Assembly Bill 484, introduced last Wednesday and heard in a joint meeting of the Assembly Ways and Means & Senate Finance meeting Monday morning, would direct $54 million of anticipated future federal funding to upgrading DETR’s unemployment compensation system.
The money would be allocated from the American Rescue Plan Act, signed into law by President Biden on March 11, which is expected to deliver $2.9 billion to Nevada (plus $1 billion total for county and local governments). The funding is designed “to meet pandemic response needs and rebuild a stronger, and more equitable economy,” according to the Treasury. The measure gives states some flexibility in fund allocation, although states must adhere to guidance issued by federal agencies.
The $54 million for DETR would go towards immediate improvements to speed up claim processing and to a modernization project that would unfold over several years, Elisa Cafferata, director of the Nevada DETR, explained in Monday’s hearing.
When Covid struck, DETR was understaffed and underfunded. They hired more people and redeployed staff from the Division of Welfare and Supportive Services, but infamously struggled to respond to the influx of unemployment claims.
There were over 200,000 claims in March 2020 after just under 10,000 claims the previous month.

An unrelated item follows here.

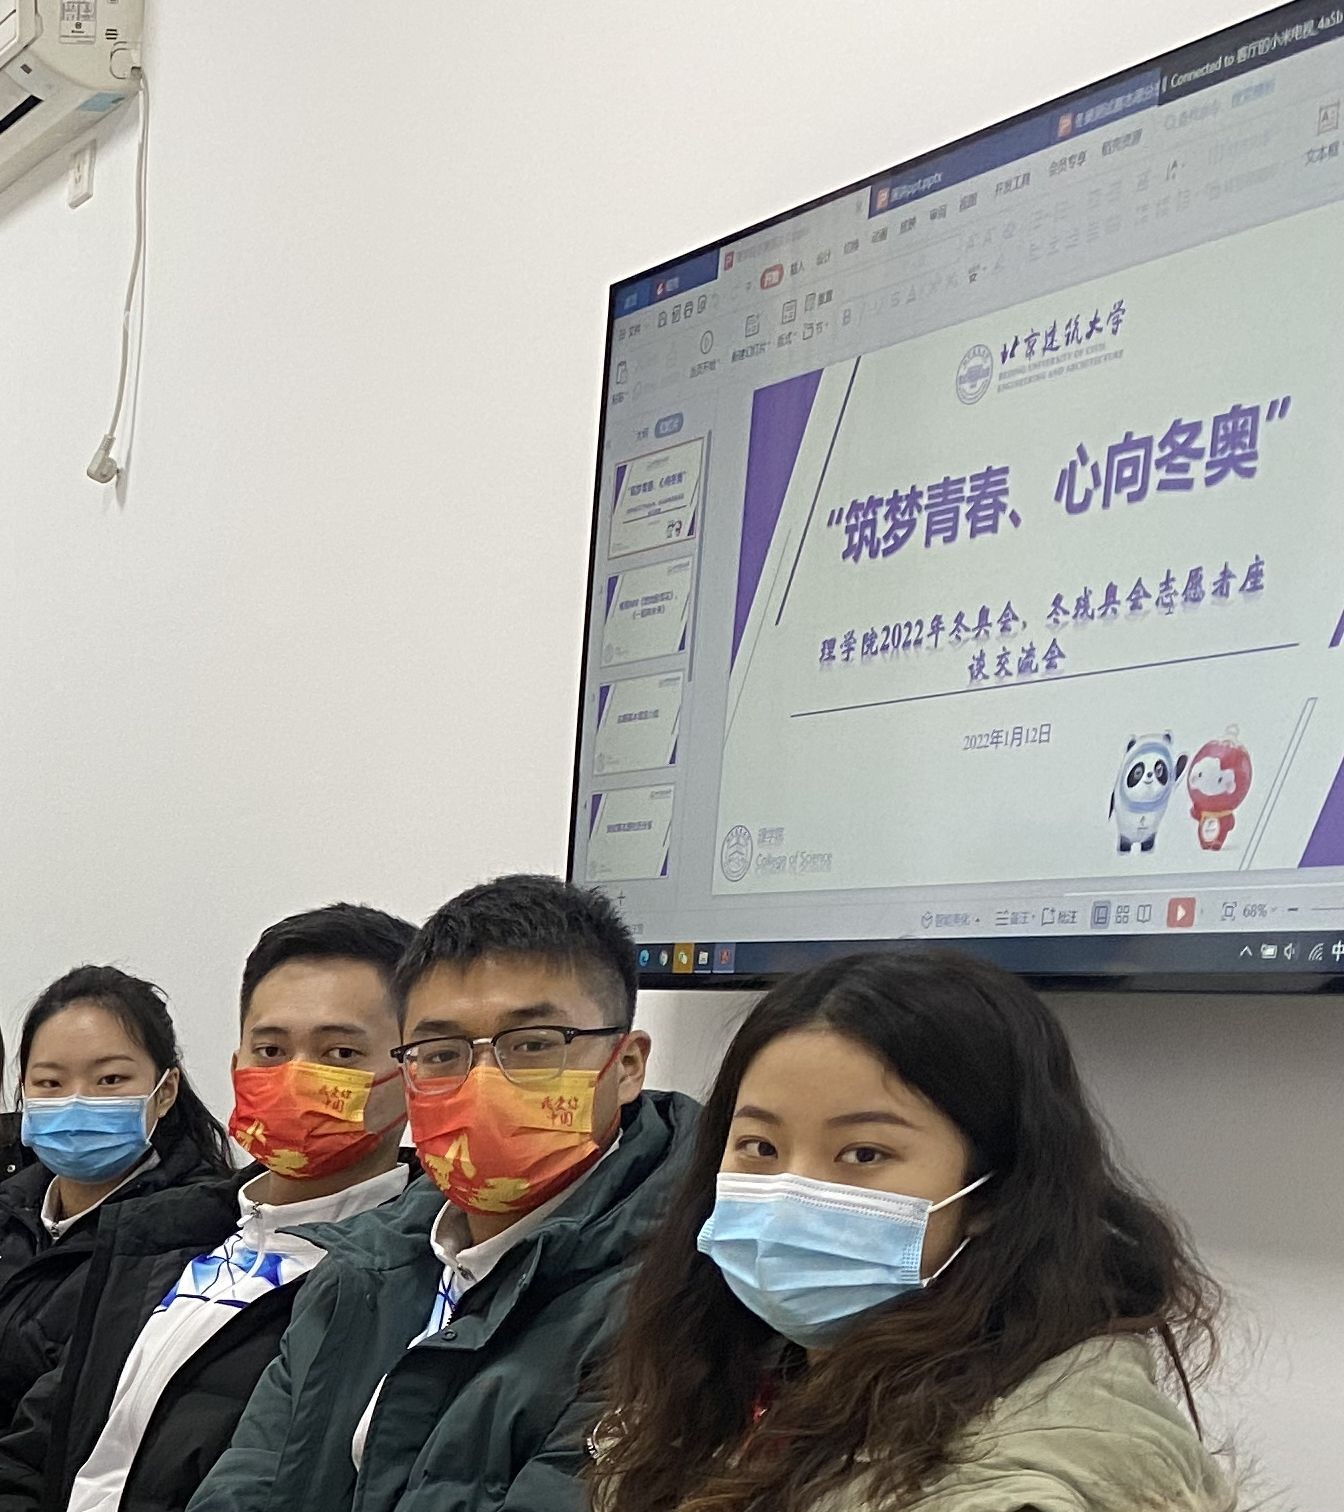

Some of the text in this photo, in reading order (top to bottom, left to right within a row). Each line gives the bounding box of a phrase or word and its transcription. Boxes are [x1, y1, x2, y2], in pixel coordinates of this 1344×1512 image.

By April of 2020, Nevada’s unemployment rate soared to the highest in the country, topping 28 percent.
Nevada’s unemployment rate as of last month was still the sixth highest in the nation at 8 percent, compared to the national average of 6.1 percent.

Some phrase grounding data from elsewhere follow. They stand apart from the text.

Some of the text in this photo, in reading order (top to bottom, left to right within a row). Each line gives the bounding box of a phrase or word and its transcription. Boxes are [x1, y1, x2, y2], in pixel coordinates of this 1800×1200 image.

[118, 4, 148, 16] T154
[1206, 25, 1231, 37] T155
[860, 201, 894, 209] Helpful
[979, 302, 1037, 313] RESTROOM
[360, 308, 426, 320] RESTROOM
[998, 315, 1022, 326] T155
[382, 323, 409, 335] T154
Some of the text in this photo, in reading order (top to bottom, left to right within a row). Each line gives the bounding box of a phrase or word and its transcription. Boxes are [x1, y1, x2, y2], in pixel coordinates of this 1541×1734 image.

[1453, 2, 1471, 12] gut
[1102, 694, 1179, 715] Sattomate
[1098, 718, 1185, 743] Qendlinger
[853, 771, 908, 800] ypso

The funding follows the guidance of an independent analysis, which found that DETR would be better off starting over entirely than trying to fix its existing system. The analysis, from the National Association of State Workforce Agencies, cited DETR’s dated, complex software, and reliance on third-party products that aren’t updated or supported.
“The early 2000s vintage code will further decay over time,” said Cafferata, citing the NASWA analysis.
Modernization would include the costs of one-time computer programming, hiring consultants to assist with project management, and adopting cloud-based technology. Marilyn Delmont, chief information officer at DETR, said of the 20 states that have modernized with NASWA’s guidance, the 13 that are based in the cloud have fared better during the pandemic because the system can be updated more quickly.
Several members of the Ways and Means & Finance Committees raised concerns about the timeline of the modernization project, citing their constituents’ ongoing challenges receiving their benefits.
“What I’m not hearing in this discussion is actual benchmarks and dates that we can measure success on,” Assemblywoman Brittney Miller (D-Las Vegas) said.
“Do you have a wish timeframe that you’re shooting for?” asked Assemblyman Tom Roberts (R-Las Vegas).
Echoing the refrain DETR officials and the governor have delivered throughout the pandemic, Cafferata told lawmakers the agency has been working diligently to improve the backlog of claims, and will continue doing so.
“When I started, the backlog for claims that needed to be processed was in the hundreds of thousands,” Cafferata said. “The backlog is now in the tens of thousands, and those are the more complicated cases.” Moreover, Nevada did not shut down its website like several other states did, she noted, and they adopted interim staffing and technology measures to speed up unemployment disbursal.
Chair of the Assembly Committee on Ways and Means Maggie Carlton (D-Las Vegas) said the question of timing is especially difficult to answer because it is unclear when the federal government will dispense the American Recovery Act funds. The funds do have a clear end date though, December 2024, when the project must be complete.
Moreover, Cafferata emphasized, the modernization project is geared toward a future, rather than the current, crisis. What Nevadans will get out of a modernized system, she said, is a better response in the next economic crisis.
Carlton said that a DETR overhaul was urgently needed after the 2008 recession, but “when the state had such huge needs—education, mental health, public safety” and an unemployment rate of 3 percent, it wasn’t politically feasible to overhaul the system.
“We would’ve been in a much better place if we’d had the foresight to modernize the system from 10 years ago,” said Assembly Speaker Jason Frierson said.
DETR officials made a case for upgrading the agency’s systems during the pre-pandemic 2019 legislative session, but a bill to do so didn’t get through the Legislature that year.